== Directions ==
In your answer, every line of the records should be written out exactly.

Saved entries
◆ ◆ ◆

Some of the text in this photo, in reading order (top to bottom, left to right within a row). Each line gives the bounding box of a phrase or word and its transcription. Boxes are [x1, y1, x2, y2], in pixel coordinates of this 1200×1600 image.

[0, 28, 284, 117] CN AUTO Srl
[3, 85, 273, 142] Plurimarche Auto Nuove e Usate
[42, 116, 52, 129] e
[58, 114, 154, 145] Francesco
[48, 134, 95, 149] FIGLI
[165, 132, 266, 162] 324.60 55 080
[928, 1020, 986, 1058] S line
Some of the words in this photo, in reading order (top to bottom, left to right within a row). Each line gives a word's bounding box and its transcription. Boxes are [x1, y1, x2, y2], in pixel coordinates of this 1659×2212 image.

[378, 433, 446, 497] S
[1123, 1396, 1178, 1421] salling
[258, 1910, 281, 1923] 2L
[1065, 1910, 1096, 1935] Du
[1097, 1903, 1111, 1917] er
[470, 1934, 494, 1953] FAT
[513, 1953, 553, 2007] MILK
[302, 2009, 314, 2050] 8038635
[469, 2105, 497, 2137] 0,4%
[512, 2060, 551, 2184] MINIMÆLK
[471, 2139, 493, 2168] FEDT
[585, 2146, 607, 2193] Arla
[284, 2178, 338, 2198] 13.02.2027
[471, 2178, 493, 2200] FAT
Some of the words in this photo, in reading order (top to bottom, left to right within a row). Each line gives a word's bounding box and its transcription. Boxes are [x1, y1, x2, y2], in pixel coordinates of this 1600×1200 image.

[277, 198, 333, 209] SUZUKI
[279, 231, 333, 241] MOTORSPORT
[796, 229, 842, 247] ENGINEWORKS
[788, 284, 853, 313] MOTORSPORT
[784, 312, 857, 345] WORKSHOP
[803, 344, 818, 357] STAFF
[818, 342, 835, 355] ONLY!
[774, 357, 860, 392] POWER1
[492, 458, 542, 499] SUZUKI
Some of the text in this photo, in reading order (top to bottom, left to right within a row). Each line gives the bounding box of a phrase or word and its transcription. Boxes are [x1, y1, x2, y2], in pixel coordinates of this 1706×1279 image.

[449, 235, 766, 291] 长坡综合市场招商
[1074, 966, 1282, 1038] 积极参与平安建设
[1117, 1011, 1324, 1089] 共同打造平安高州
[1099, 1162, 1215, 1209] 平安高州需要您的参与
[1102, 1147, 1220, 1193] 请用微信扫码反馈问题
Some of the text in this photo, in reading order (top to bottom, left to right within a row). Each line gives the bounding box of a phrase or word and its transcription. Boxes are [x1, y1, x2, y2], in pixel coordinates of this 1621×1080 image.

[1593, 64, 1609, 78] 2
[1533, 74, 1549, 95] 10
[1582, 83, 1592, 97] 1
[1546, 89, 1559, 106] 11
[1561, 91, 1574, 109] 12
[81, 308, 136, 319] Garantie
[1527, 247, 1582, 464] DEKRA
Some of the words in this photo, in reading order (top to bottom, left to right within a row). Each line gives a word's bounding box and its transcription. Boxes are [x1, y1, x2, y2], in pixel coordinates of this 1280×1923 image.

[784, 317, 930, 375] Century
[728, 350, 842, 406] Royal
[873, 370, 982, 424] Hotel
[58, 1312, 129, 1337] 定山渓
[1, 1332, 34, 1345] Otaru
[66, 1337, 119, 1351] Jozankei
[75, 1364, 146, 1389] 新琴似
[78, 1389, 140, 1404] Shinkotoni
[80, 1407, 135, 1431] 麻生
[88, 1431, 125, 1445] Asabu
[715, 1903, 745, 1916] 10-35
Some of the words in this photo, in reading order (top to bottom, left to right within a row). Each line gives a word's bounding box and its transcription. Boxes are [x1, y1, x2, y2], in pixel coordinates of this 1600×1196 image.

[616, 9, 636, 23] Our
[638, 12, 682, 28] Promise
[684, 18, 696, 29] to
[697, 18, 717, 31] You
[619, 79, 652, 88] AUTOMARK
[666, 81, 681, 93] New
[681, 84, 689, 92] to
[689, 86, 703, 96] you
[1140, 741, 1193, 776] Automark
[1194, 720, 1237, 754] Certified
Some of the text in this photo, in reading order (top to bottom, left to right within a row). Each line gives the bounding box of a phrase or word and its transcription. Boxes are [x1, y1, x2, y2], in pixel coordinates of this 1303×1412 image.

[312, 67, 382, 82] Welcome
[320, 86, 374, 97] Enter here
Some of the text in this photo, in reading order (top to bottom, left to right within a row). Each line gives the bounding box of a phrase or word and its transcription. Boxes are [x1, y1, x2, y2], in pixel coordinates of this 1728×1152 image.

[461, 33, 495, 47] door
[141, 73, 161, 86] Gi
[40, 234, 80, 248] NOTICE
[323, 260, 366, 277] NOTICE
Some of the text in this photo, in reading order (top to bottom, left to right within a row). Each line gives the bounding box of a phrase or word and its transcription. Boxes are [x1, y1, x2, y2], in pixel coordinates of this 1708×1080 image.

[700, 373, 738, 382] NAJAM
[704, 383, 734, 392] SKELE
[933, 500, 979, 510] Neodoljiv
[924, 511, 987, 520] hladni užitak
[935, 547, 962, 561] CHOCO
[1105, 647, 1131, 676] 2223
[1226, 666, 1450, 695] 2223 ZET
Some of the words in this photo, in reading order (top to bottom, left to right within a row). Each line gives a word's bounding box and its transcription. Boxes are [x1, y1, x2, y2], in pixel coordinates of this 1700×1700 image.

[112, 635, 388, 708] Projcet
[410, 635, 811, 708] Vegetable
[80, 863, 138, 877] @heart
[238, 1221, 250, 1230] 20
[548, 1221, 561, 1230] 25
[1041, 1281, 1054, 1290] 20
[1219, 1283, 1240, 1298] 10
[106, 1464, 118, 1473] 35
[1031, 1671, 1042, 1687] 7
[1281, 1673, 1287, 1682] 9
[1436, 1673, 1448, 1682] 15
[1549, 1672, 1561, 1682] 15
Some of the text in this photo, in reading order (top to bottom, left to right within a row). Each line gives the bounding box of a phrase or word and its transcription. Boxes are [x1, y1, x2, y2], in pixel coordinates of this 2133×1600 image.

◆ ◆ ◆

== Output below ==
Some of the text in this photo, in reading order (top to bottom, left to right within a row). Each line gives the bounding box of a phrase or word and its transcription. Boxes are [x1, y1, x2, y2], in pixel coordinates of this 1200×1600 image.

[0, 28, 284, 117] CN AUTO Srl
[3, 85, 273, 142] Plurimarche Auto Nuove e Usate
[42, 116, 52, 129] e
[58, 114, 154, 145] Francesco
[48, 134, 95, 149] FIGLI
[165, 132, 266, 162] 324.60 55 080
[928, 1020, 986, 1058] S line
Some of the words in this photo, in reading order (top to bottom, left to right within a row). Each line gives a word's bounding box and its transcription. Boxes are [x1, y1, x2, y2], in pixel coordinates of this 1659×2212 image.

[378, 433, 446, 497] S
[1123, 1396, 1178, 1421] salling
[258, 1910, 281, 1923] 2L
[1065, 1910, 1096, 1935] Du
[1097, 1903, 1111, 1917] er
[470, 1934, 494, 1953] FAT
[513, 1953, 553, 2007] MILK
[302, 2009, 314, 2050] 8038635
[469, 2105, 497, 2137] 0,4%
[512, 2060, 551, 2184] MINIMÆLK
[471, 2139, 493, 2168] FEDT
[585, 2146, 607, 2193] Arla
[284, 2178, 338, 2198] 13.02.2027
[471, 2178, 493, 2200] FAT
Some of the words in this photo, in reading order (top to bottom, left to right within a row). Each line gives a word's bounding box and its transcription. Boxes are [x1, y1, x2, y2], in pixel coordinates of this 1600×1200 image.

[277, 198, 333, 209] SUZUKI
[279, 231, 333, 241] MOTORSPORT
[796, 229, 842, 247] ENGINEWORKS
[788, 284, 853, 313] MOTORSPORT
[784, 312, 857, 345] WORKSHOP
[803, 344, 818, 357] STAFF
[818, 342, 835, 355] ONLY!
[774, 357, 860, 392] POWER1
[492, 458, 542, 499] SUZUKI
Some of the text in this photo, in reading order (top to bottom, left to right within a row). Each line gives the bounding box of a phrase or word and its transcription. Boxes are [x1, y1, x2, y2], in pixel coordinates of this 1706×1279 image.

[449, 235, 766, 291] 长坡综合市场招商
[1074, 966, 1282, 1038] 积极参与平安建设
[1117, 1011, 1324, 1089] 共同打造平安高州
[1099, 1162, 1215, 1209] 平安高州需要您的参与
[1102, 1147, 1220, 1193] 请用微信扫码反馈问题
Some of the text in this photo, in reading order (top to bottom, left to right within a row). Each line gives the bounding box of a phrase or word and its transcription. Boxes are [x1, y1, x2, y2], in pixel coordinates of this 1621×1080 image.

[1593, 64, 1609, 78] 2
[1533, 74, 1549, 95] 10
[1582, 83, 1592, 97] 1
[1546, 89, 1559, 106] 11
[1561, 91, 1574, 109] 12
[81, 308, 136, 319] Garantie
[1527, 247, 1582, 464] DEKRA
Some of the words in this photo, in reading order (top to bottom, left to right within a row). Each line gives a word's bounding box and its transcription. Boxes are [x1, y1, x2, y2], in pixel coordinates of this 1280×1923 image.

[784, 317, 930, 375] Century
[728, 350, 842, 406] Royal
[873, 370, 982, 424] Hotel
[58, 1312, 129, 1337] 定山渓
[1, 1332, 34, 1345] Otaru
[66, 1337, 119, 1351] Jozankei
[75, 1364, 146, 1389] 新琴似
[78, 1389, 140, 1404] Shinkotoni
[80, 1407, 135, 1431] 麻生
[88, 1431, 125, 1445] Asabu
[715, 1903, 745, 1916] 10-35
Some of the words in this photo, in reading order (top to bottom, left to right within a row). Each line gives a word's bounding box and its transcription. Boxes are [x1, y1, x2, y2], in pixel coordinates of this 1600×1196 image.

[616, 9, 636, 23] Our
[638, 12, 682, 28] Promise
[684, 18, 696, 29] to
[697, 18, 717, 31] You
[619, 79, 652, 88] AUTOMARK
[666, 81, 681, 93] New
[681, 84, 689, 92] to
[689, 86, 703, 96] you
[1140, 741, 1193, 776] Automark
[1194, 720, 1237, 754] Certified
Some of the text in this photo, in reading order (top to bottom, left to right within a row). Each line gives the bounding box of a phrase or word and its transcription. Boxes are [x1, y1, x2, y2], in pixel coordinates of this 1303×1412 image.

[312, 67, 382, 82] Welcome
[320, 86, 374, 97] Enter here
Some of the text in this photo, in reading order (top to bottom, left to right within a row). Each line gives the bounding box of a phrase or word and its transcription. Boxes are [x1, y1, x2, y2], in pixel coordinates of this 1728×1152 image.

[461, 33, 495, 47] door
[141, 73, 161, 86] Gi
[40, 234, 80, 248] NOTICE
[323, 260, 366, 277] NOTICE
Some of the text in this photo, in reading order (top to bottom, left to right within a row). Each line gives the bounding box of a phrase or word and its transcription. Boxes are [x1, y1, x2, y2], in pixel coordinates of this 1708×1080 image.

[700, 373, 738, 382] NAJAM
[704, 383, 734, 392] SKELE
[933, 500, 979, 510] Neodoljiv
[924, 511, 987, 520] hladni užitak
[935, 547, 962, 561] CHOCO
[1105, 647, 1131, 676] 2223
[1226, 666, 1450, 695] 2223 ZET
Some of the words in this photo, in reading order (top to bottom, left to right within a row). Each line gives a word's bounding box and its transcription. Boxes are [x1, y1, x2, y2], in pixel coordinates of this 1700×1700 image.

[112, 635, 388, 708] Projcet
[410, 635, 811, 708] Vegetable
[80, 863, 138, 877] @heart
[238, 1221, 250, 1230] 20
[548, 1221, 561, 1230] 25
[1041, 1281, 1054, 1290] 20
[1219, 1283, 1240, 1298] 10
[106, 1464, 118, 1473] 35
[1031, 1671, 1042, 1687] 7
[1281, 1673, 1287, 1682] 9
[1436, 1673, 1448, 1682] 15
[1549, 1672, 1561, 1682] 15
Some of the text in this photo, in reading order (top to bottom, left to right within a row). Each line gives the bounding box of a phrase or word and its transcription. Boxes are [x1, y1, x2, y2], in pixel coordinates of this 2133×1600 image.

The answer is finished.